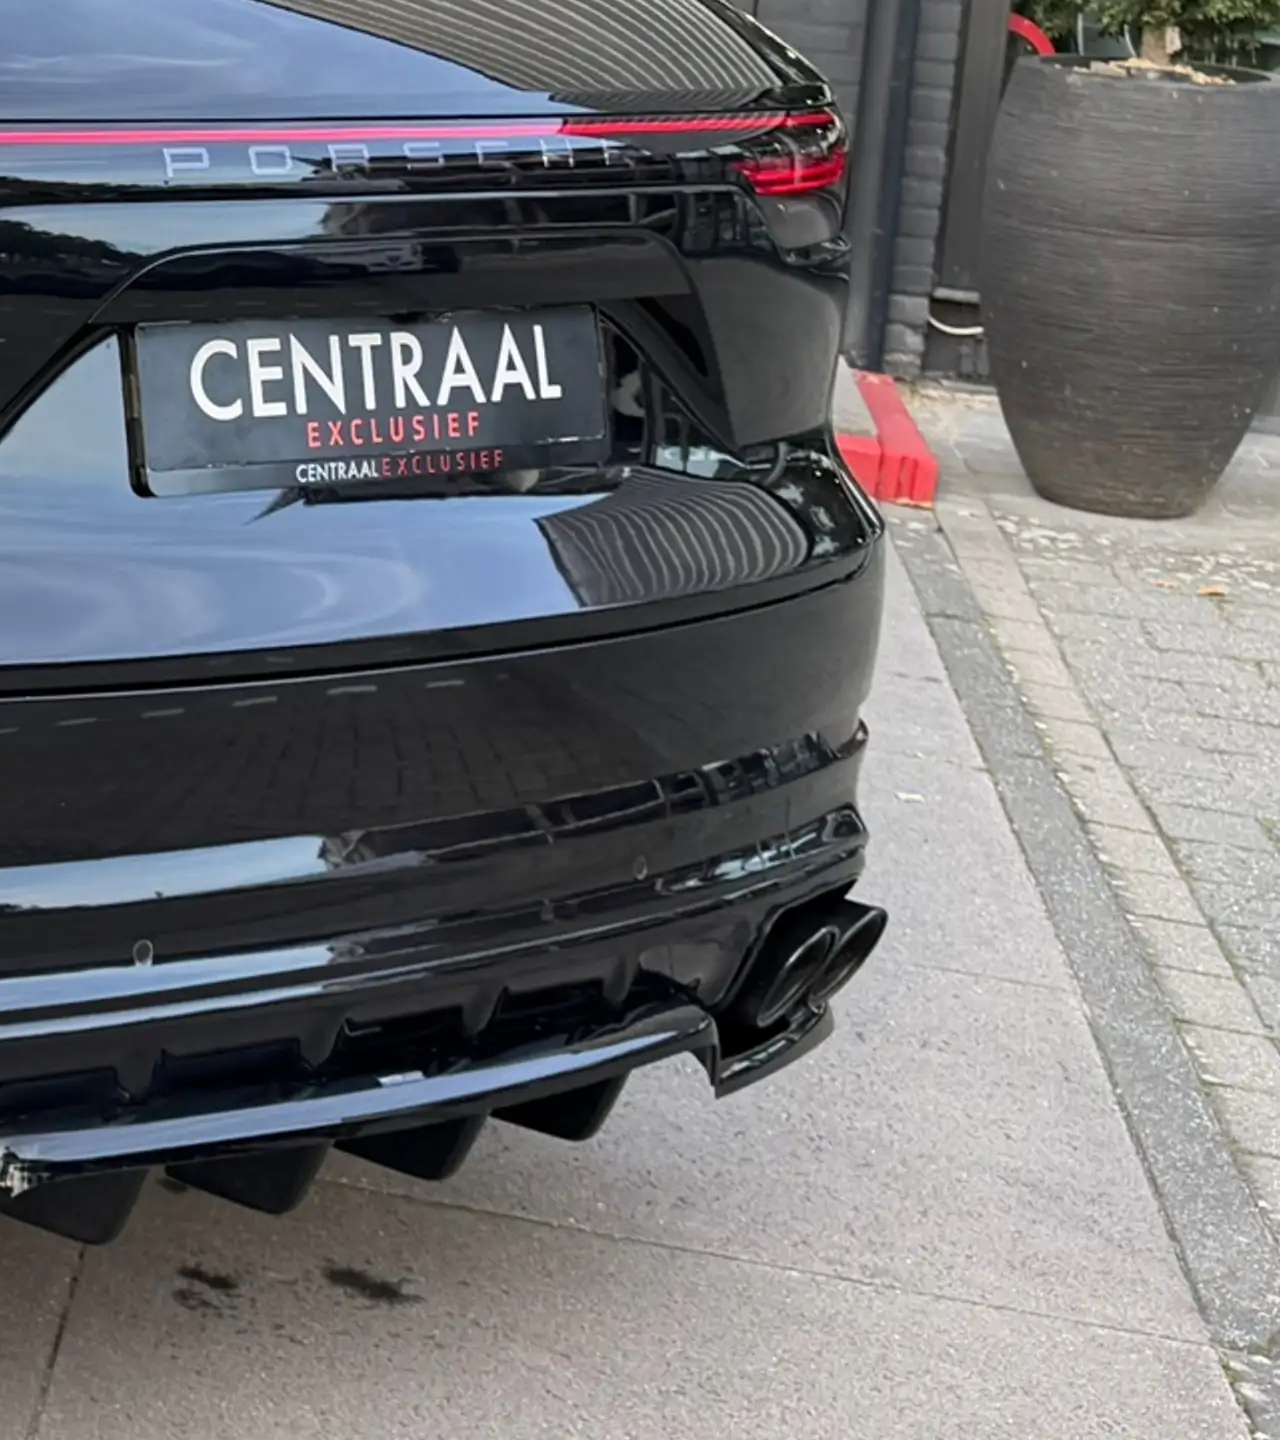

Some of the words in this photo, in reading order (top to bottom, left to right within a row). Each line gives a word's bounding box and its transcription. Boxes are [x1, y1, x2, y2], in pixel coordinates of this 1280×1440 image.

[162, 138, 634, 177] PORSCHE
[190, 323, 563, 421] CENTRAAL
[306, 411, 481, 448] EXCLUSIEF
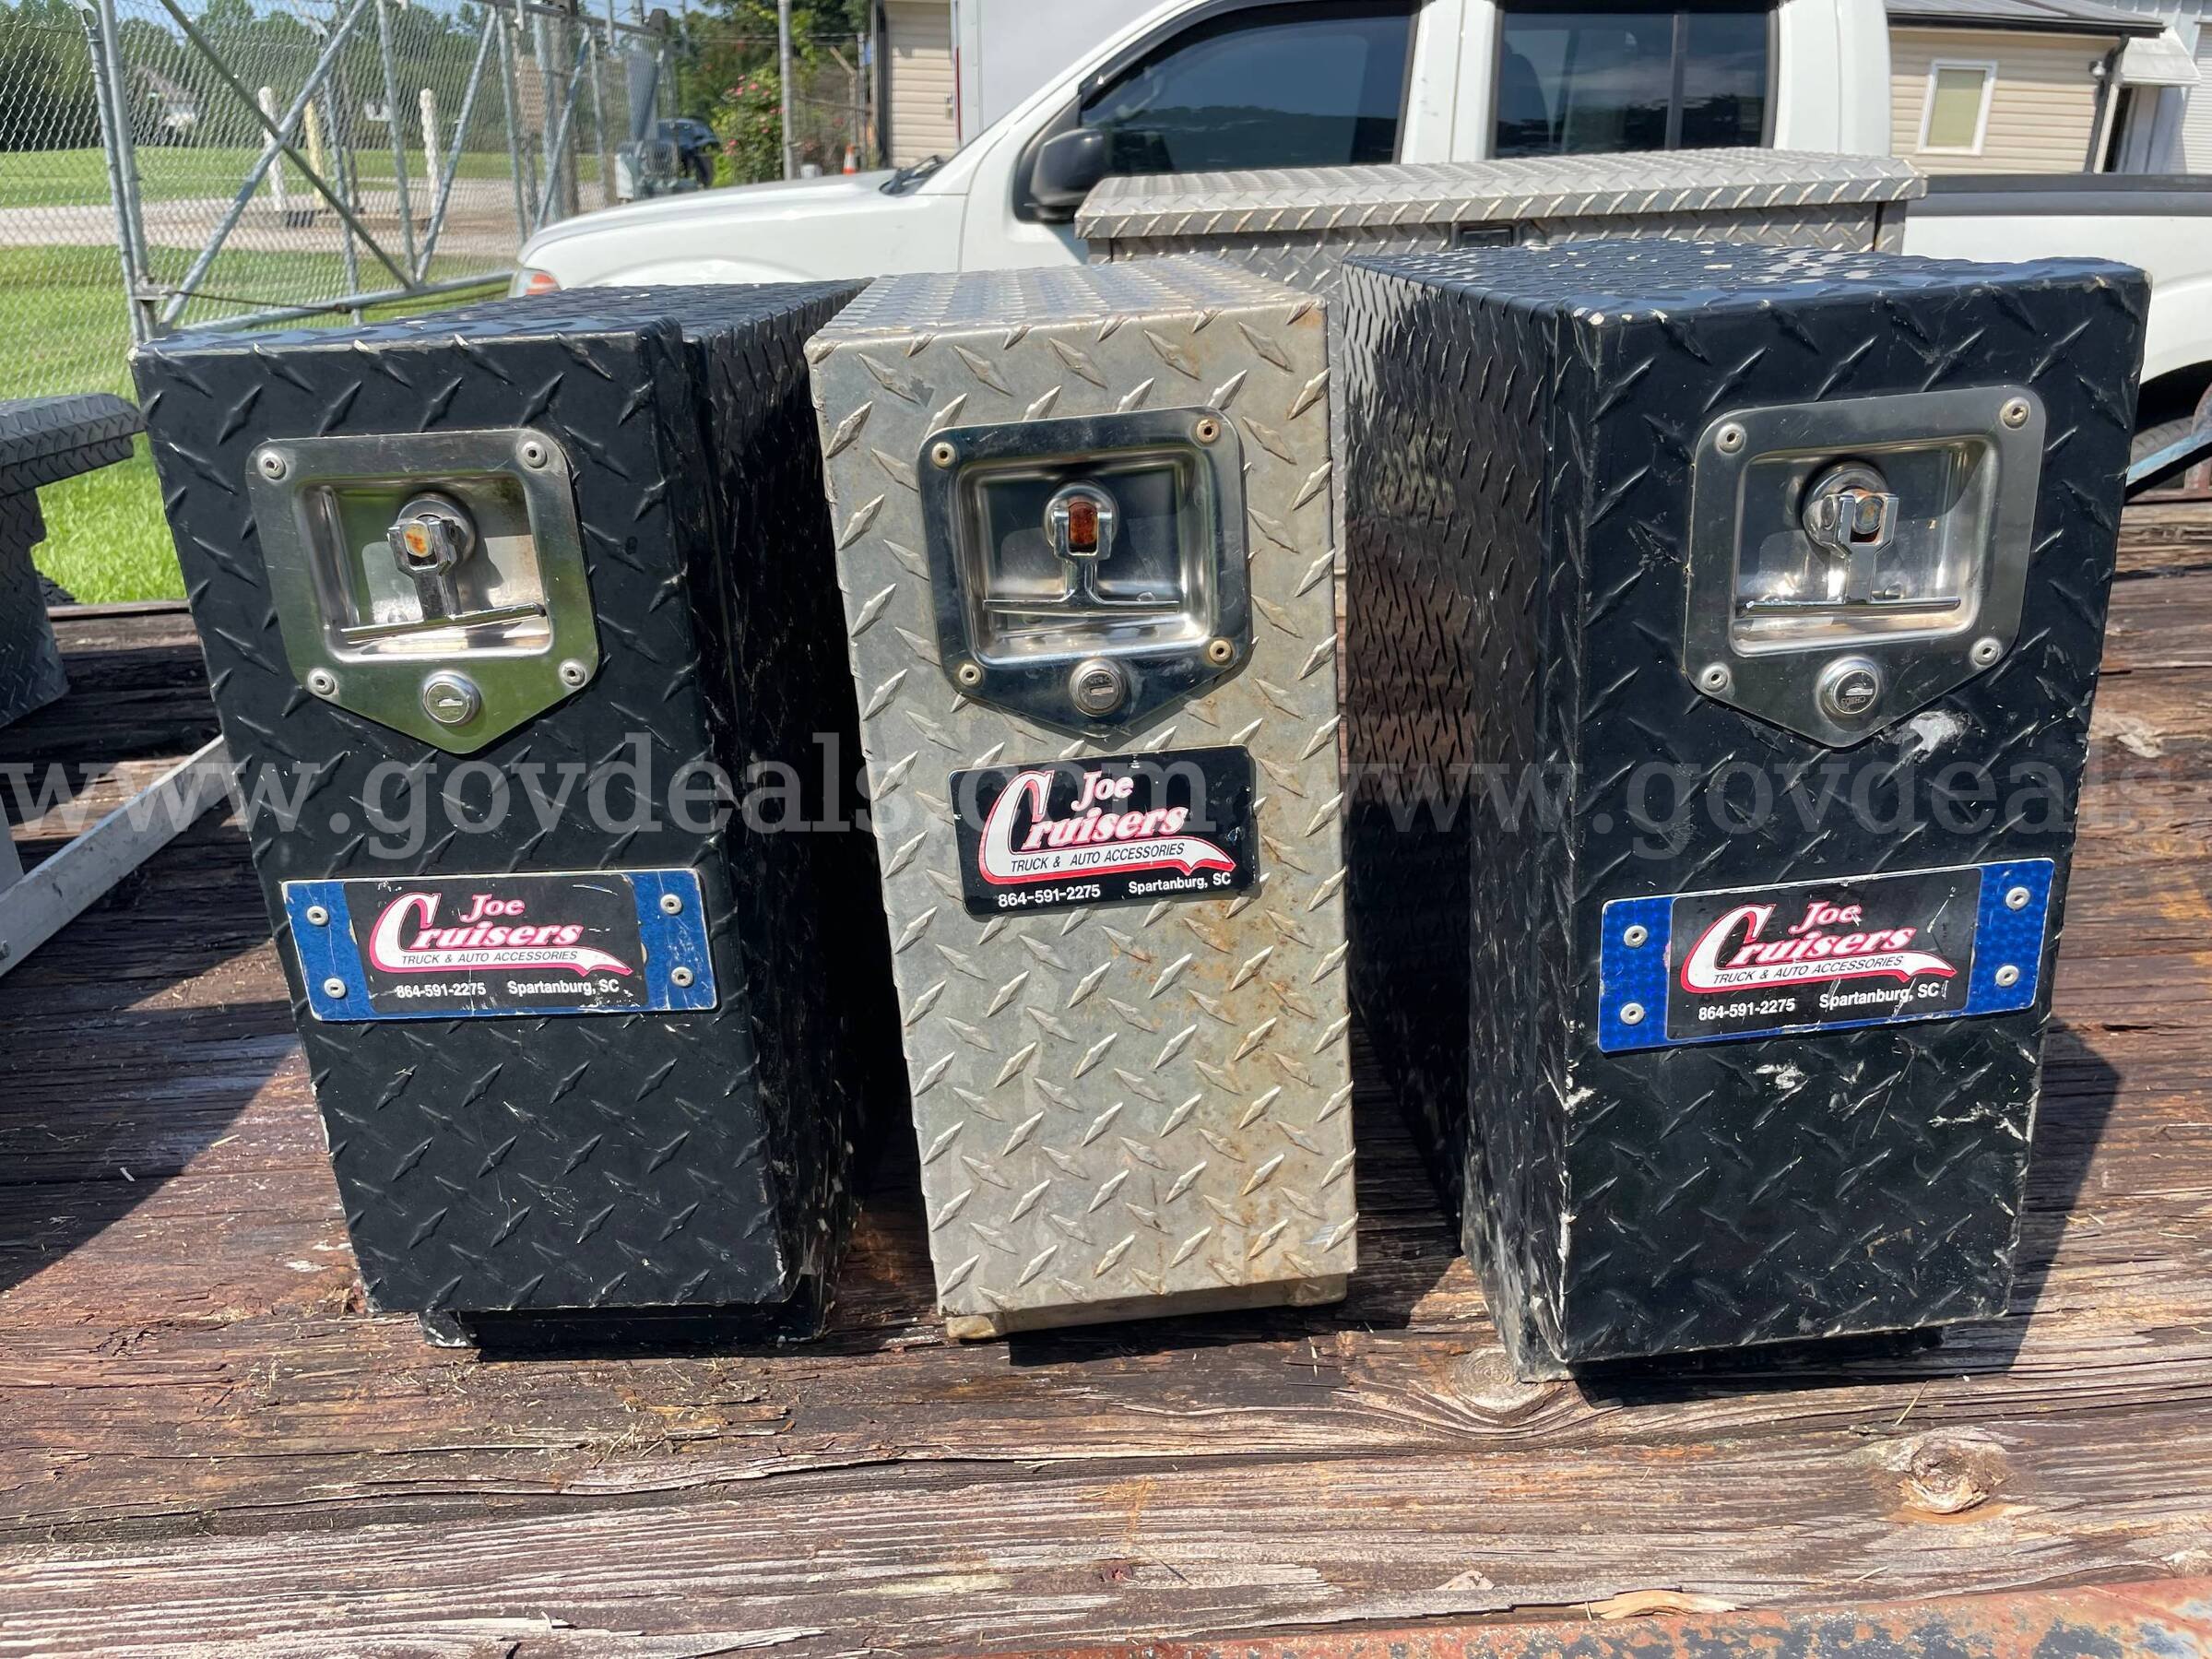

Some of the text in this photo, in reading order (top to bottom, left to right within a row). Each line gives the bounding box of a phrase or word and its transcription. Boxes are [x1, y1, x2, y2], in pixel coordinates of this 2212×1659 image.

[1071, 769, 1134, 812] Joe
[978, 769, 1189, 884] Cruisers
[1011, 842, 1186, 873] TRUCK & AUTO ACCESSORIES
[998, 872, 1232, 907] 864-591-2275 Spartanburg, SC
[459, 893, 526, 922] Joe
[1788, 900, 1862, 935] Joe
[369, 892, 584, 972] Cruisers
[1680, 903, 1918, 995] Cruisers
[401, 950, 579, 965] TRUCK & AUTO ACCESSORIES
[1712, 955, 1904, 985] TRUCK & AUTO ACCESSORIES
[396, 978, 620, 999] 864-591-2275 Spartanburg, SC
[1698, 982, 1939, 1021] 864-591-2275 Spartanburg, SC
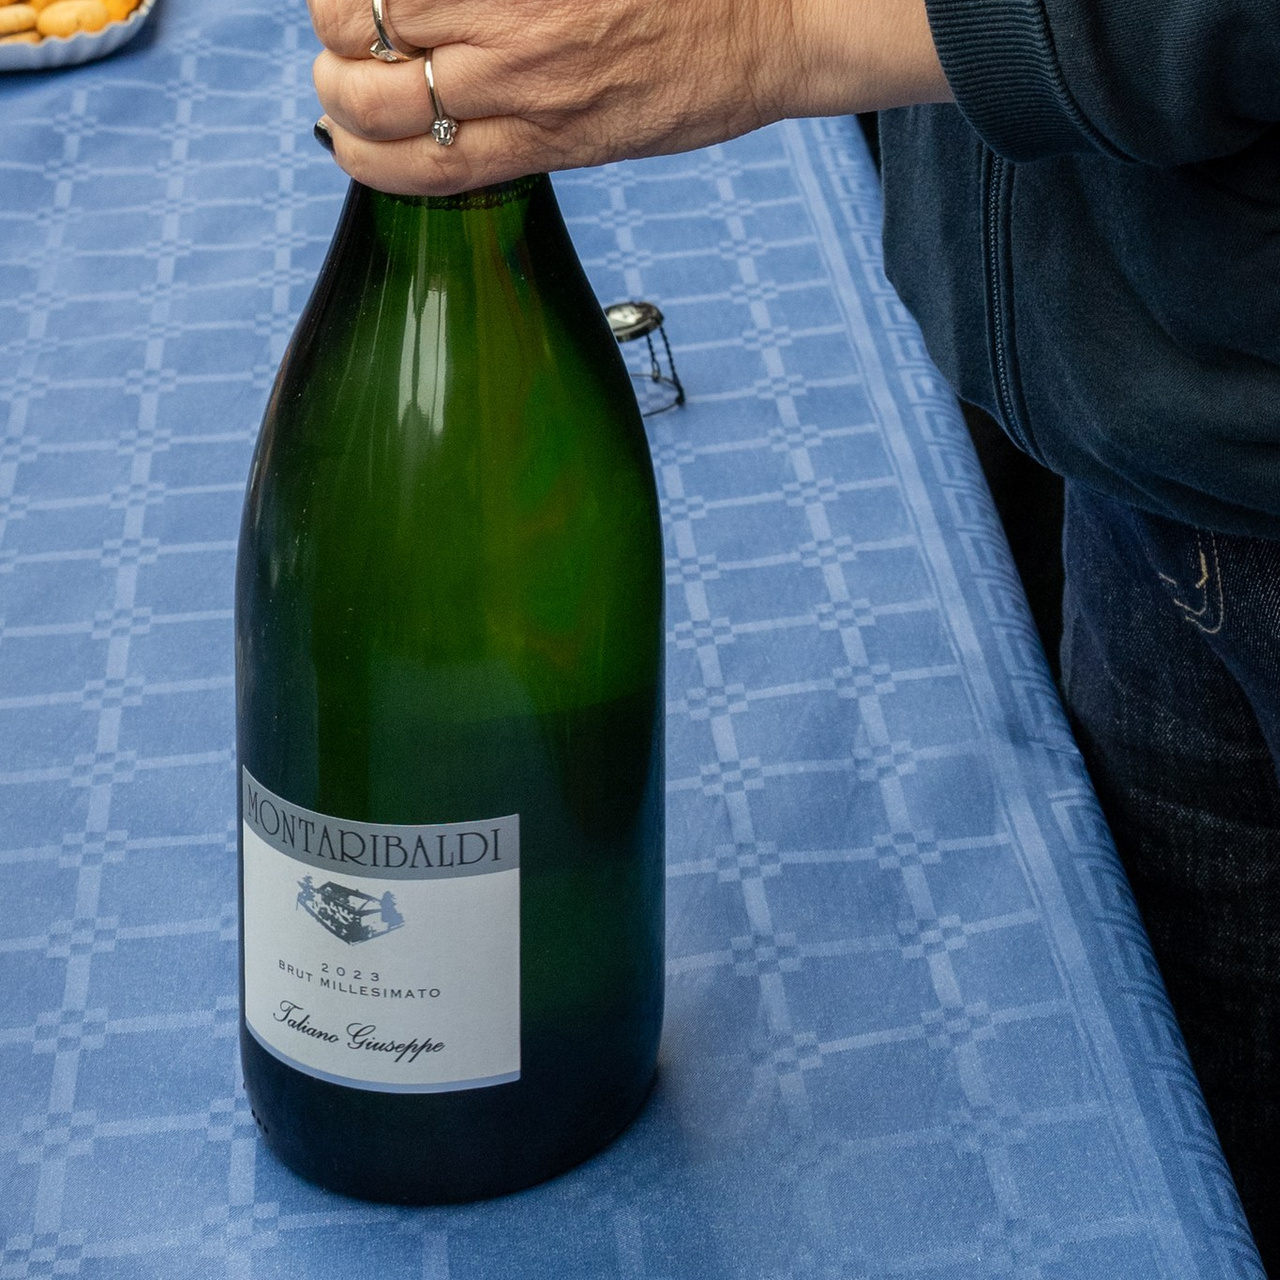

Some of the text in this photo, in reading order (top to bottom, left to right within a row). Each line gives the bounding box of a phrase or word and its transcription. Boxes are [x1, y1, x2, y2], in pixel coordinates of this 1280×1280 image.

[247, 782, 502, 870] MONTARIBALDI
[278, 958, 441, 1000] BRUT MILLESIMATO
[320, 962, 381, 982] 2023
[272, 999, 445, 1064] Taliano Giuseppe

**WHAT YOU SHOULD DO:** Restate the data above word for word, omitting every picture.

**WRITTEN RESPONSE:**
Some of the words in this photo, in reading order (top to bottom, left to right within a row). Each line gives a word's bounding box and its transcription. Boxes are [x1, y1, x2, y2], in pixel coordinates of this 1280×1440 image.

[162, 138, 634, 177] PORSCHE
[190, 323, 563, 421] CENTRAAL
[306, 411, 481, 448] EXCLUSIEF

Some of the text in this photo, in reading order (top to bottom, left to right within a row). Each line gives the bounding box of a phrase or word and its transcription. Boxes are [x1, y1, x2, y2], in pixel coordinates of this 2212×1659 image.

[1071, 769, 1134, 812] Joe
[978, 769, 1189, 884] Cruisers
[1011, 842, 1186, 873] TRUCK & AUTO ACCESSORIES
[998, 872, 1232, 907] 864-591-2275 Spartanburg, SC
[459, 893, 526, 922] Joe
[1788, 900, 1862, 935] Joe
[369, 892, 584, 972] Cruisers
[1680, 903, 1918, 995] Cruisers
[401, 950, 579, 965] TRUCK & AUTO ACCESSORIES
[1712, 955, 1904, 985] TRUCK & AUTO ACCESSORIES
[396, 978, 620, 999] 864-591-2275 Spartanburg, SC
[1698, 982, 1939, 1021] 864-591-2275 Spartanburg, SC

Some of the text in this photo, in reading order (top to bottom, left to right within a row). Each line gives the bounding box of a phrase or word and its transcription. Boxes are [x1, y1, x2, y2], in pixel coordinates of this 1280×1280 image.

[247, 782, 502, 870] MONTARIBALDI
[278, 958, 441, 1000] BRUT MILLESIMATO
[320, 962, 381, 982] 2023
[272, 999, 445, 1064] Taliano Giuseppe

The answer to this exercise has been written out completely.